Tonight’s Missouri Lottery PowerBall jackpot is $115 million. With cuts to higher education appropriations looming, perhaps buying lottery tickets is now our best hope of getting more money from the state.
I’ve never been much of a lottery player, though as I understand the rules you have to actually play to win. Strangely, twice in the past two weeks I have found a losing lottery ticket tucked under the windshield wiper of my Ford in Lot 24. I’ve tried not to read too much meaning into that gesture by an unknown passerby.
Purely as a spectator, though, I have always been drawn to those jackpot winners who, at least for the cameras anyway, vow to return to their jobs and not let the money turn their lives upside down. People have studied what happens to lottery winners so I am sure there is empirical evidence to support or deny my theory, but I would predict that the happiest lottery winners, long term, are those whose priorities do not change much just because they suddenly have a pile of cash. You will hear such people say things like, the first things they will do is pay off their mortgage or secure a college fund for their kids. Sure, they’ll probably take a four-week trip to Aruba and buy a new flat screen TV, but the first things on their list are the same things that were on the top of their list when they were just cashing their regular monthly paycheck.
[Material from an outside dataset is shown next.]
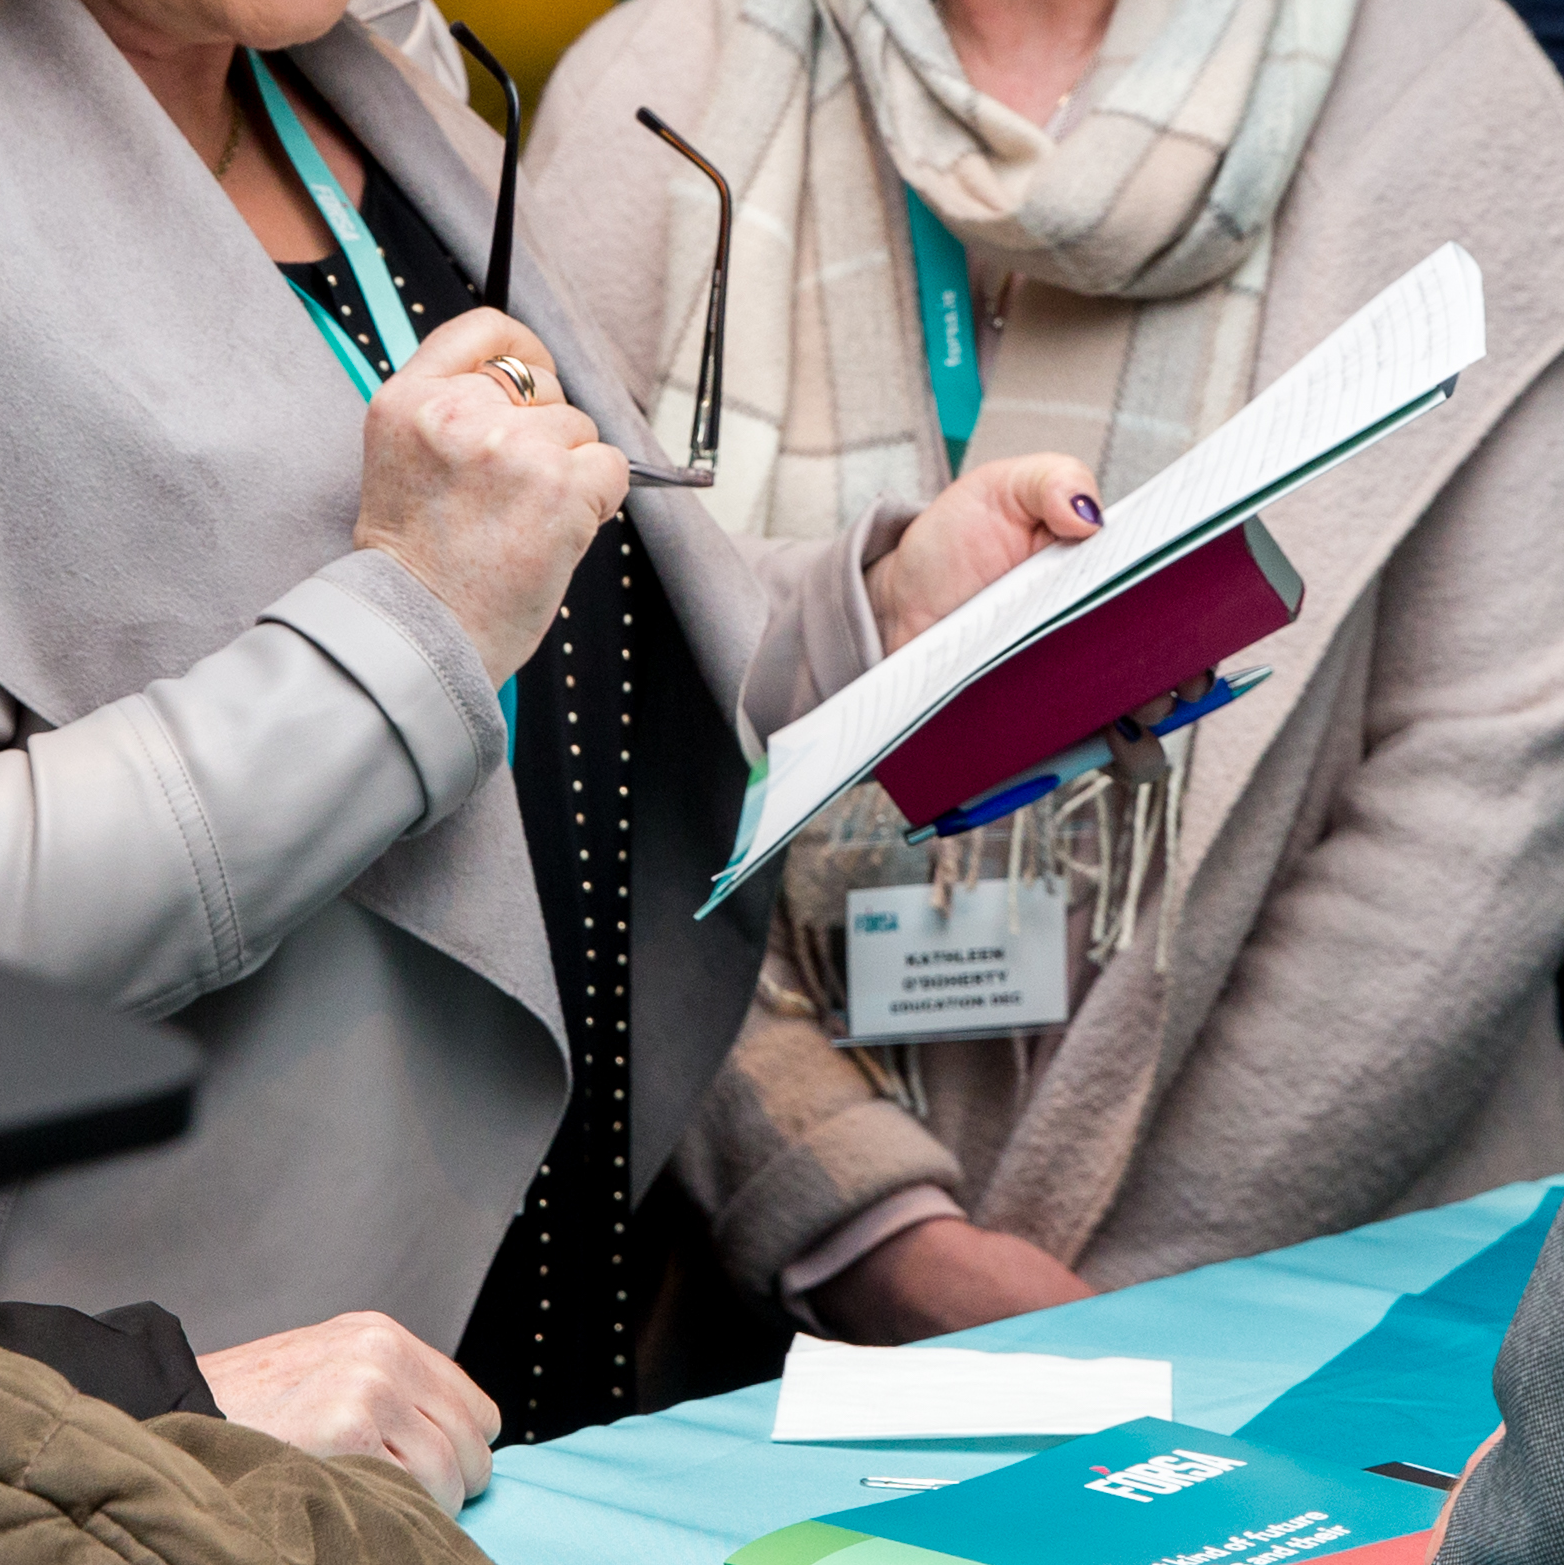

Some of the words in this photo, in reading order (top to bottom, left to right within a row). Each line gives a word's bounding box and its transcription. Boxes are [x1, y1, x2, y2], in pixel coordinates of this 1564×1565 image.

I once heard a consultant who works with nonprofit organizations say that sometimes the worst thing that can happen to an organization is for it to suddenly come into a lot of money. A windfall can be a dangerous thing if the organization doesn’t already have its priorities established and a plan in place for what it would do with money if it came.
It is unlikely that the university is going to win the lottery or otherwise come into a lot of money; instead, we all are contemplating what budget cuts might mean to the institution and our respective corners of it. But just like a family’s priorities should stand apart from what it can afford, the university needs to address what its core priorities are before we start making decisions based solely on what we think we can pay for.
Take that hypothetical lottery-winning family that I admire, for example. With a regular middle-class income Mom and Dad had determined since before the kids were born that a college education was important. Maybe they had the resources to start a college fund; maybe they were only able to insure that their kids went to an A+ program high school and did everything required to qualify for a two-year community college scholarship. They set the priority, and then they matched their resources to that priority as best they could. Then the big payday comes and suddenly they can pay in advance for full tuition at Harvard. With only their middle-class income, maybe an Ivy League education was never something they could even try to budget for: the amount they are able to budget for college has now changed, but the place college held on their list of spending priorities did not.
When the university confronts our significant appropriations cuts, we need to have a keen sense of who we are and what sort of university we want to be. That same sense of purpose and identity should drive difficult decisions about reductions just as it should drive more pleasant choices about where to allocate new resources when times improve.
Soon President Nietzel will be initiating a renewed long range planning process that necessarily will take budget realities into account. All of us should be pushing for – and, with our participation, making – a process that requires us to answer these core questions about the identity and priorities of the university. Until we have those kinds of answers, responses to budget cuts are likely to be haphazard and driven by self-preservation instincts at lower levels.
The questions we need to ask in the face of less money are the same questions we need to ask in the face of more money, and if we don’t have answers to those questions the money doesn’t matter all that much.